Збарский протер очки и положил их в футляр.

Ежов смотрел на него по-прежнему внимательно.

— А какие признаки при отравлении ртутью?

— Похудание, общее недомогание, поражение почек, раздражительность. — Помолчав, добавил: — В особо тяжелых случаях — психозы. — И посмотрел на Ежова. — Больше ничего не нужно читать?

— Ничего, — сказал Ежов. — А можно ли определить — отравлен человек ртутью или нет?

— Можно, — сказал Збарский. — Для этого надо, примерно за недели две, проделать анализ крови, мочи в специальной лаборатории.

— Вы ею располагаете?

— Да, она в полном моем распоряжении.

— Когда можно начать?

— Когда вам удобно. — Посмотрел на папку. Улыбнулся. — Нет, так это не делается. Это кустарщина. Вздор.

Ежов нажал кнопку. Вошел помощник. Ежов протянул ему папку.

— Возьмите дело Збарского. И отправьте Бориса Ильича домой. — Повернулся к Збарскому: — Вам ничего не нужно?

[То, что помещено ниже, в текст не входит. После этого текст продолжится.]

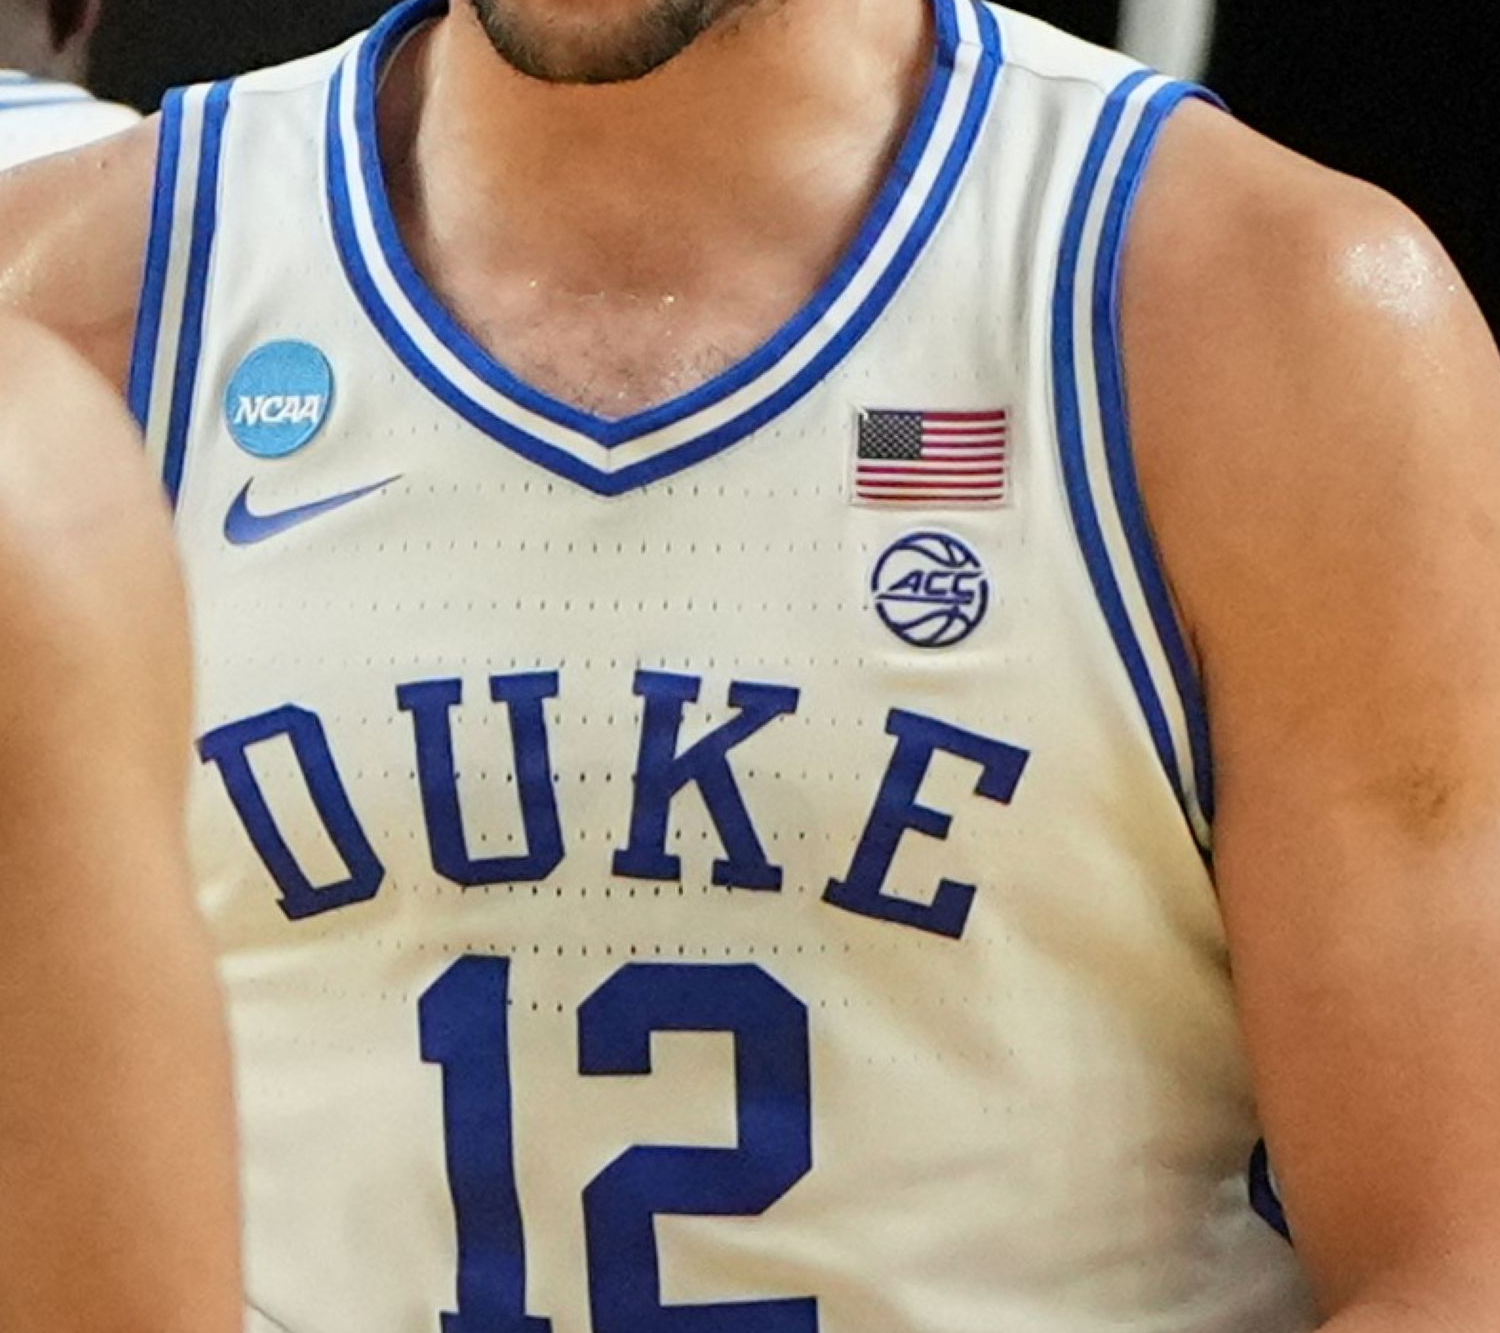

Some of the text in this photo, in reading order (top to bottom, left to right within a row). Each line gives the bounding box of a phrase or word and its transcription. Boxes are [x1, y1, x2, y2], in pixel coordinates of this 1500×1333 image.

[233, 394, 321, 427] NCAA
[888, 570, 982, 604] ACC
[196, 670, 1030, 940] DUKE
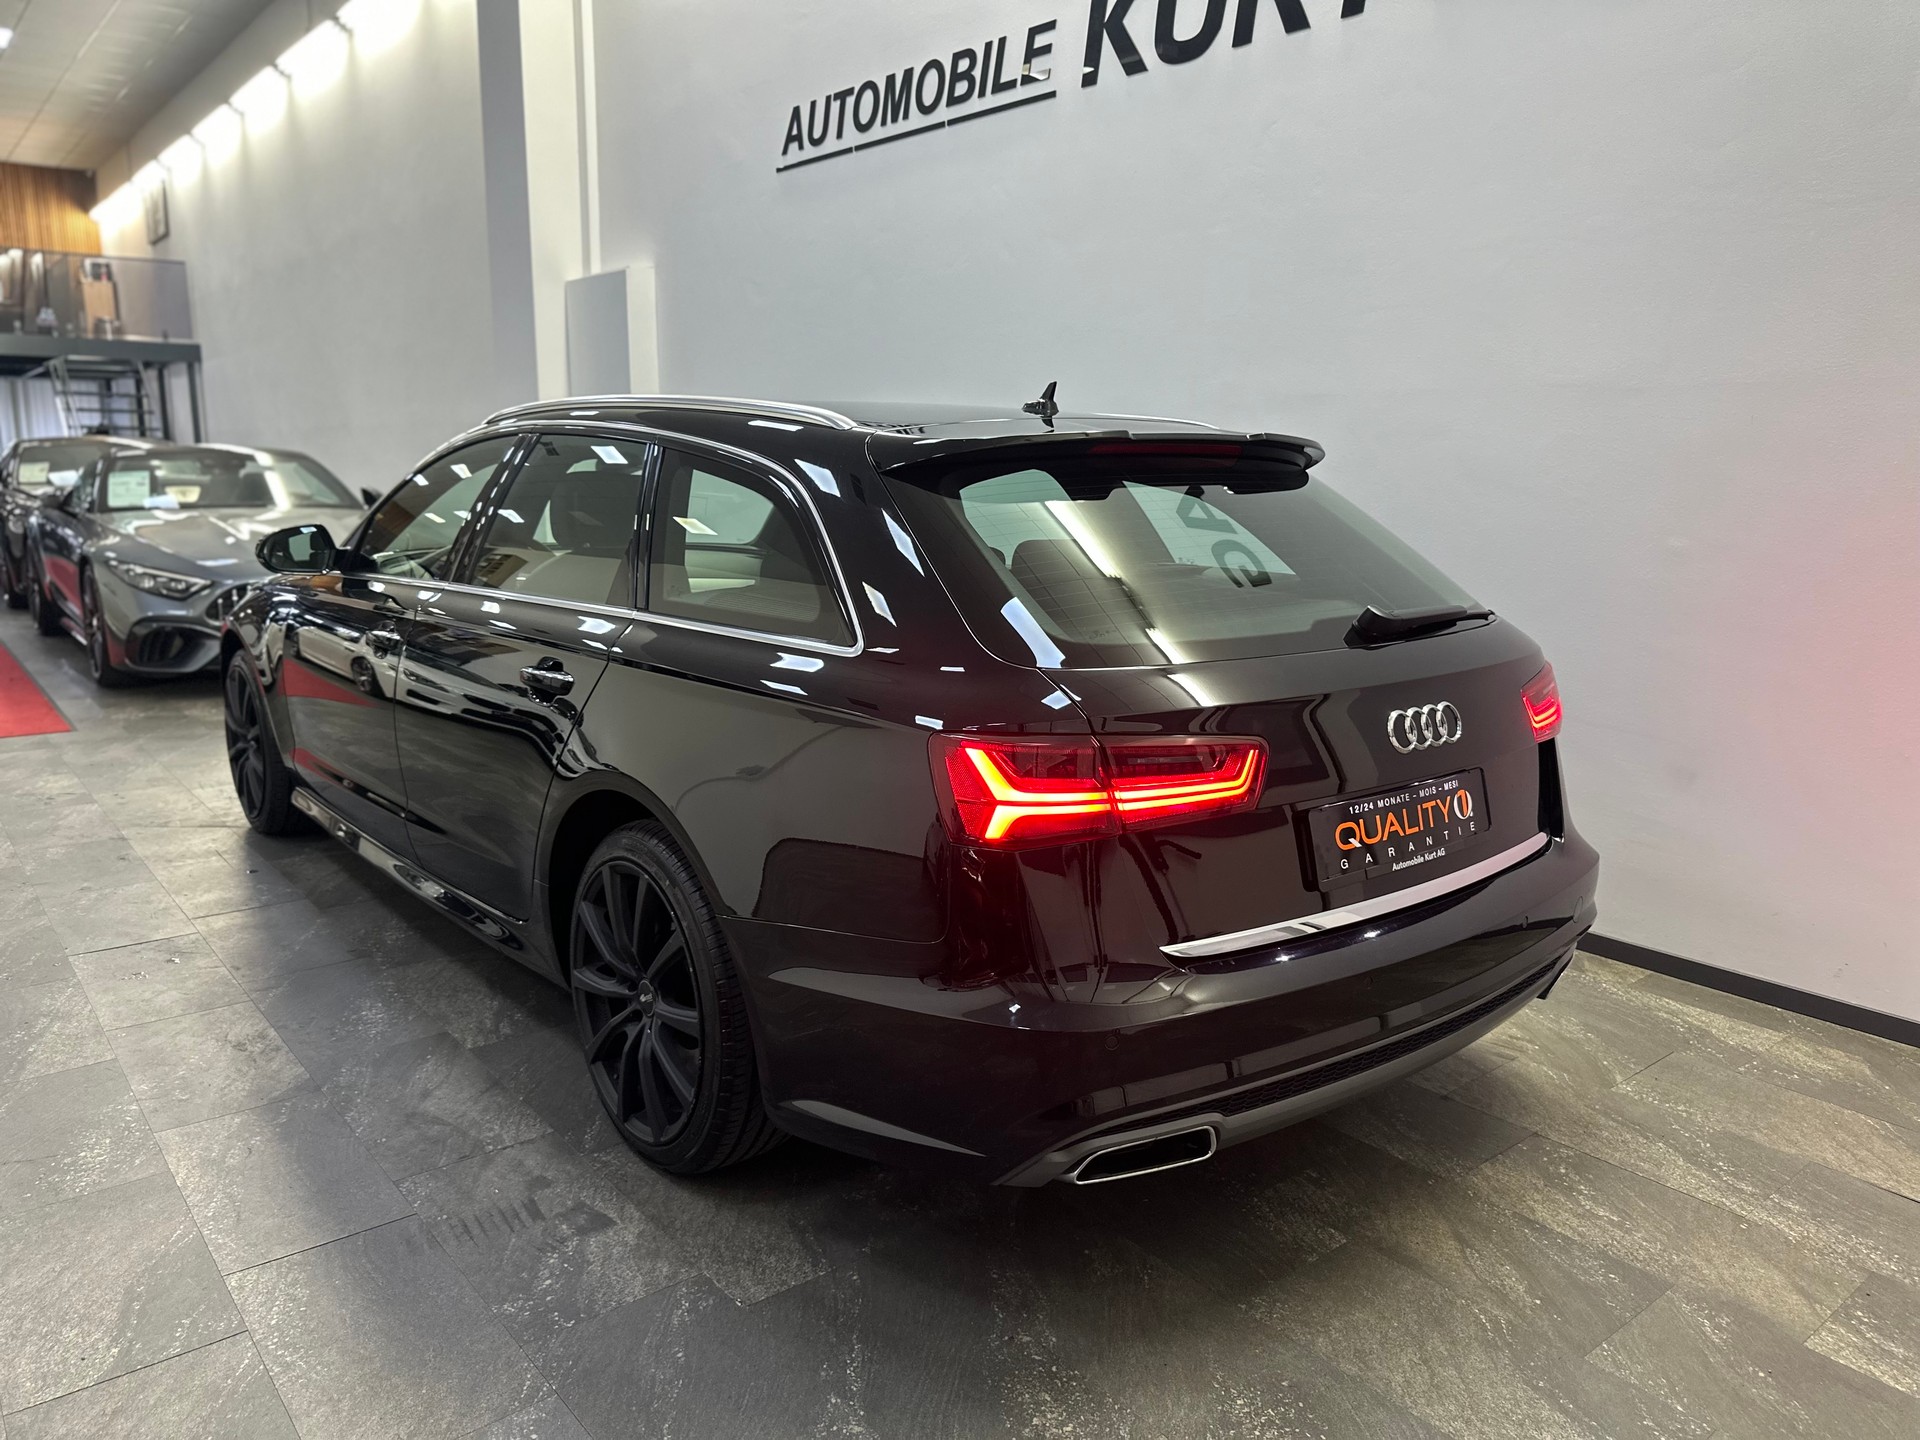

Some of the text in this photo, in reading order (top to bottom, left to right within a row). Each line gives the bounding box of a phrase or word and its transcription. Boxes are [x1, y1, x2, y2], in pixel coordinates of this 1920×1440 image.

[782, 0, 1365, 156] AUTOMOBILE KU
[1349, 803, 1374, 815] 12/24
[1377, 793, 1410, 809] MONATE
[1419, 786, 1437, 797] MOIS
[1443, 779, 1459, 791] MESI
[1340, 821, 1476, 870] GARANTIE
[1392, 847, 1446, 872] Automobile Kurt AG

— Нет, мне ничего не нужно, — сказал Борис Ильич. — Впрочем, разрешите позвонить домой. — Ежов вежливо пододвинул ему один из телефонов. — Хочу, чтобы мои домашние узнали, что я еду домой, на пятнадцать минут раньше, чем я окажусь дома.

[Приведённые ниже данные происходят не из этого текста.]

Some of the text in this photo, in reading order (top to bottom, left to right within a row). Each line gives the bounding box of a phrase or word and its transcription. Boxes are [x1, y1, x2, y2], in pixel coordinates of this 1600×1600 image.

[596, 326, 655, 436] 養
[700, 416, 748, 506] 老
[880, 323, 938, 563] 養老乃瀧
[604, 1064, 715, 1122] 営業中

— Я вас вполне понимаю, — сказал Ежов.

Ежов за свои «заслуги» в борьбе с «врагами народа» был награжден орденом Ленина, и город Сулимов в его честь переименовали в город Ежово-Черкес.

Вот так.

В 1937 году умер академик Владимир Петрович Воробьев. Борис Ильич воздал ему должное. В своей книге он пишет: «Это была тяжелая потеря для науки…»; «Советский народ никогда не забудет роли выдающегося ученого в деле сохранения тела Ильича и с благодарностью будет вспоминать его имя».

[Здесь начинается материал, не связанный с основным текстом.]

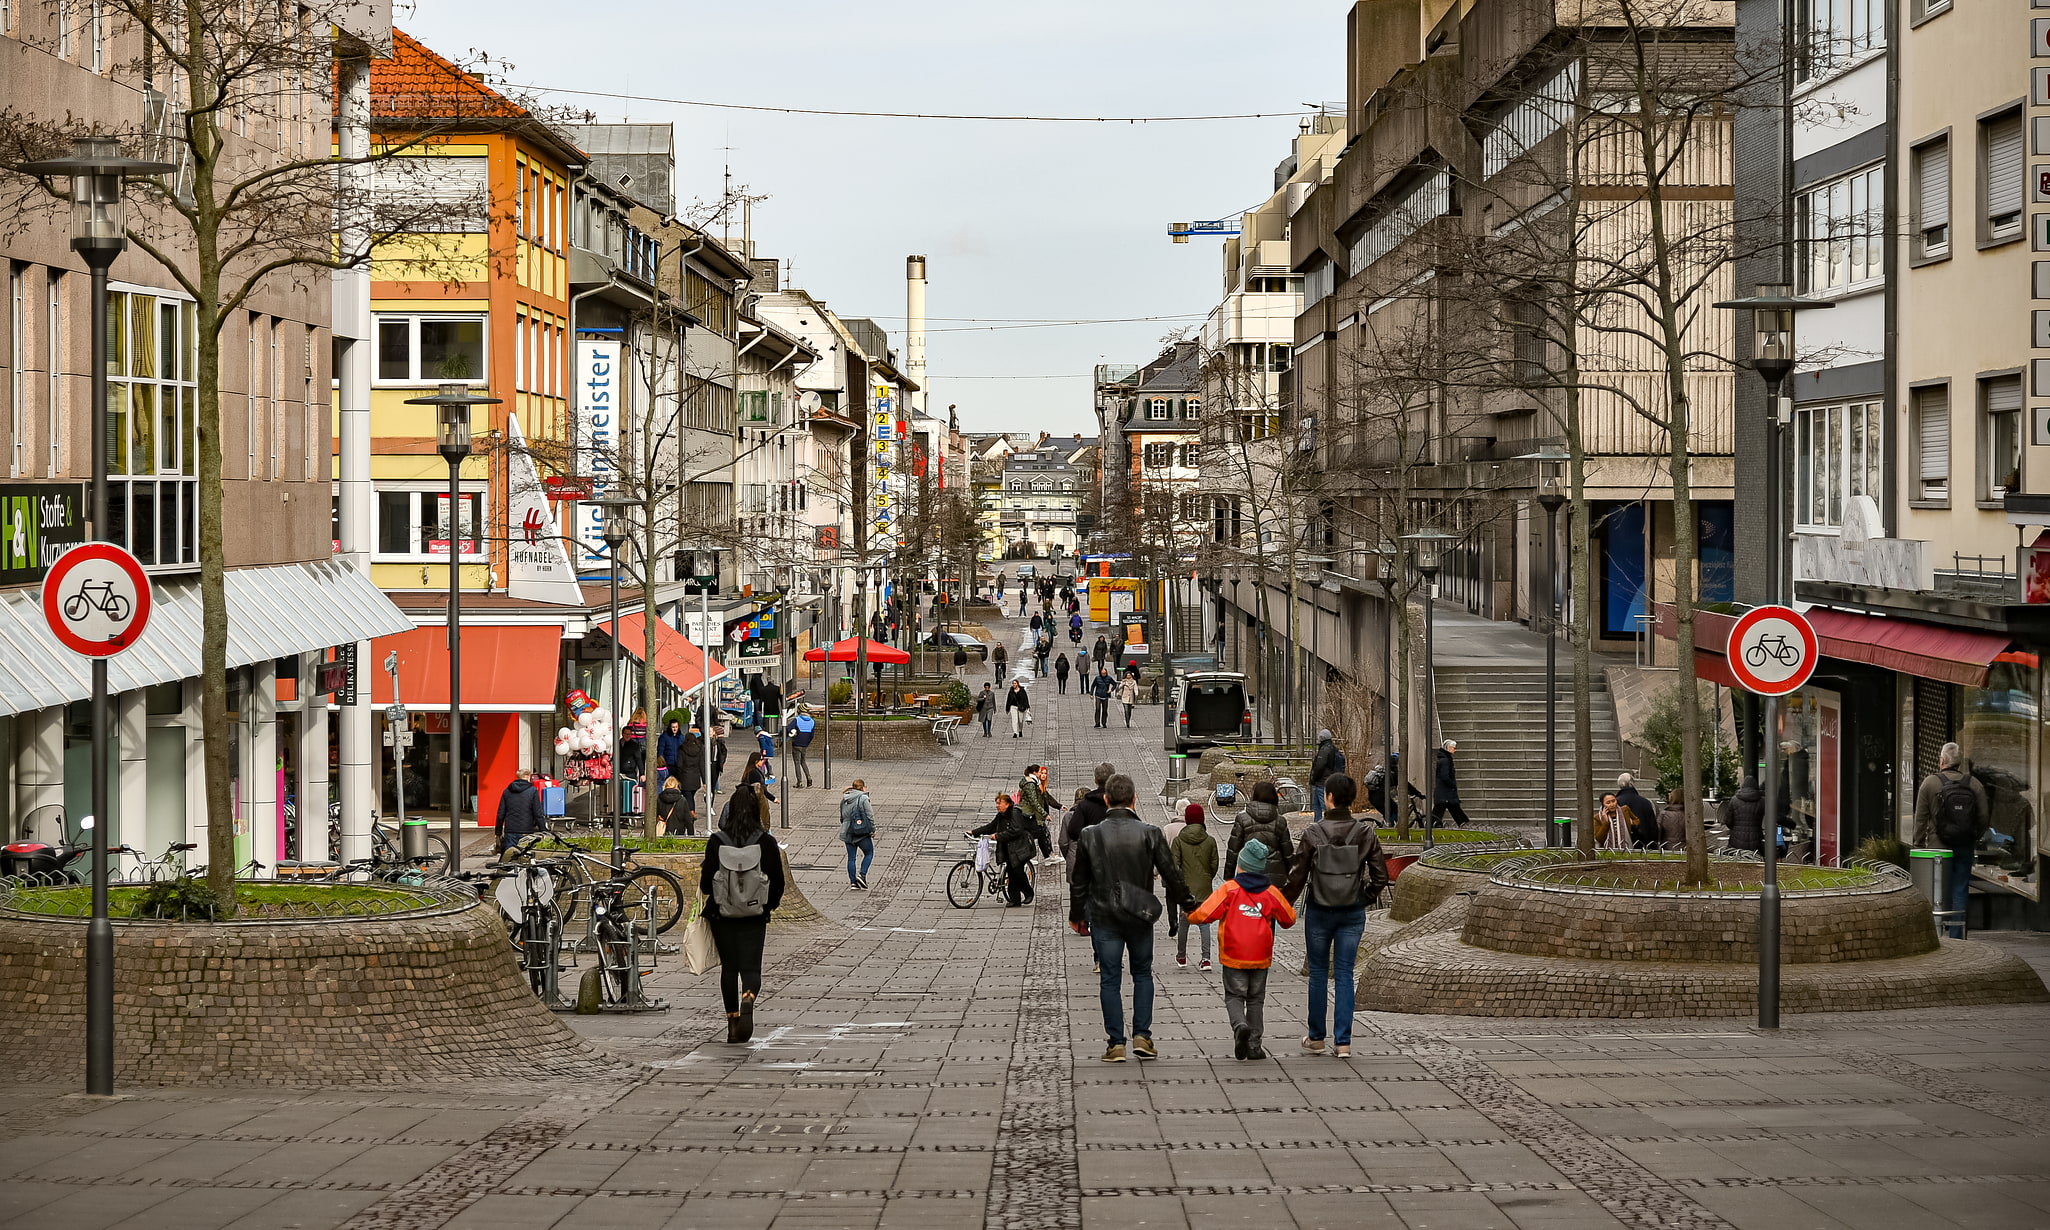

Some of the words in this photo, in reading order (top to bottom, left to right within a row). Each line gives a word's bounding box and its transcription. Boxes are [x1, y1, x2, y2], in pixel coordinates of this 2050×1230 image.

[585, 349, 611, 560] Kücenmeister
[40, 494, 65, 528] Stoffe
[66, 495, 73, 527] &
[514, 551, 552, 564] HUFNAGEL
[728, 657, 777, 666] ELISABETHENSTRASSE
[1901, 760, 1913, 785] SAL

Умер Воробьев, остались ученики обоих ученых. В качестве ассистентов в разное время были привлечены профессор М. Барон, профессор Д. Воропаев, доцент И. Збарский, профессор Б. Лаврентьев, профессор С. Мардашев, профессор Р. Синельников, профессор А. Шабанов.

И, проводив в последний путь Владимира Петровича, Борис Ильич с волнением думал о том, как мудро и дальновидно поступили и он, Воробьев, и он, Збарский, воспитав за время работы в лаборатории Мавзолея талантливых и умных помощников, целую группу молодых ученых, которые отныне еще тесней приблизятся к нему. Они всегда были с ним. И он мог на них положиться. И они дали ему возможность заниматься другими научными проблемами, что он и делал со свойственной ему энергией, несмотря ни на что, ни на каких ежовых, настоящих, прошлых и будущих…

Четверть века отдал он воспитанию медицинских кадров. Семь лет, с 1945 до 1952 года, то есть до ночи ареста, руководил лабораторией биохимии рака Академии медицинских наук СССР.

Воробьев умер в черный год разгула ежовского террора. Год, окрещенный народом «ежовщиной», потом продолженный «бериевщиной», а точней сказать, террором Сталина.

Вскоре после этих трагических дней, в 1938 году, сам Борис Ильич заболел серьезно, тяжко, ему удалили почку, он лежал в больнице, а рядом с ним, бессменно, Евгения Борисовна.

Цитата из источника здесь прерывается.